Dingkun Peng, Meilin Li, Zhuoran Yu, Tingsheng Yan, Meng Yao, Su Li, Zhonghua Liu, Lian-Feng Li, Hua-Ji Qiu

Cell Prolif.2024 Nov 13:e13770.doi: 10.1111/cpr.13770. Online ahead of print.

Review

Abstract

As crucial phagocytes of the innate immune system, macrophages (Mϕs) protect mammalian hosts, maintain tissue homeostasis and influence disease pathogenesis. Nonetheless, Mϕs are susceptible to various pathogens, including bacteria, viruses and parasites, which cause various infectious diseases, necessitating a deeper understanding of pathogen-Mϕ interactions and therapeutic insights. Pluripotent stem cells (PSCs) have been efficiently differentiated into PSC-derived Mϕs (PSCdMϕs) resembling primary Mϕs, advancing the modelling and cell therapy of infectious diseases. However, the mass production of PSCdMϕs, which lack proliferative capacity, relies on large-scale expansions of PSCs, thereby increasing both costs and culture cycles. Notably, Mϕs deficient in the MafB/c-Maf genes have been reported to re-enter the cell cycle with the stimulation of specific growth factor cocktails, turning into self-renewing Mϕs (SRMϕs).
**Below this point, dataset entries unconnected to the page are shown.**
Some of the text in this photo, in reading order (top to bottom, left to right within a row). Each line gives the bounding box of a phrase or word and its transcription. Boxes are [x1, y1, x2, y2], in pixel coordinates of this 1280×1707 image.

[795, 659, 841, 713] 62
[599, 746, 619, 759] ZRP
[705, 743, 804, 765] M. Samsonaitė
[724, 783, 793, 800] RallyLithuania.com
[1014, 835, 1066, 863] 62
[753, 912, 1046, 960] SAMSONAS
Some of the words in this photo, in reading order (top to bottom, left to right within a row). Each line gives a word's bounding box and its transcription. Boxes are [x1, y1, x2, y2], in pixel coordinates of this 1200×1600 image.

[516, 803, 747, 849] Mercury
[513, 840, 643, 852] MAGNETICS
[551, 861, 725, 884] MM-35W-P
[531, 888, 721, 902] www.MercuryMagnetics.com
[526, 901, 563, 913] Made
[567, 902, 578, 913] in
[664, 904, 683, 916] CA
This review summarizes the applications of PSCdMϕs in the modelling and cell therapy of infectious diseases and strategies for establishing SRMϕs. Most importantly, we innovatively propose that PSCs can serve as a gene editing platform to creating PSC-derived SRMϕs (termed PSRMϕs), addressing the resistance of Mϕs against genetic manipulation. We discuss the challenges and possible solutions in creating PSRMϕs. In conclusion, this review provides novel insights into the development of physiologically relevant and expandable Mϕ models, highlighting the enormous potential of PSRMϕs as a promising avenue for the modelling and cell therapy of infectious diseases.

Keywords: differentiation; infectious diseases; macrophages; pluripotent stem cells; self‐renewal.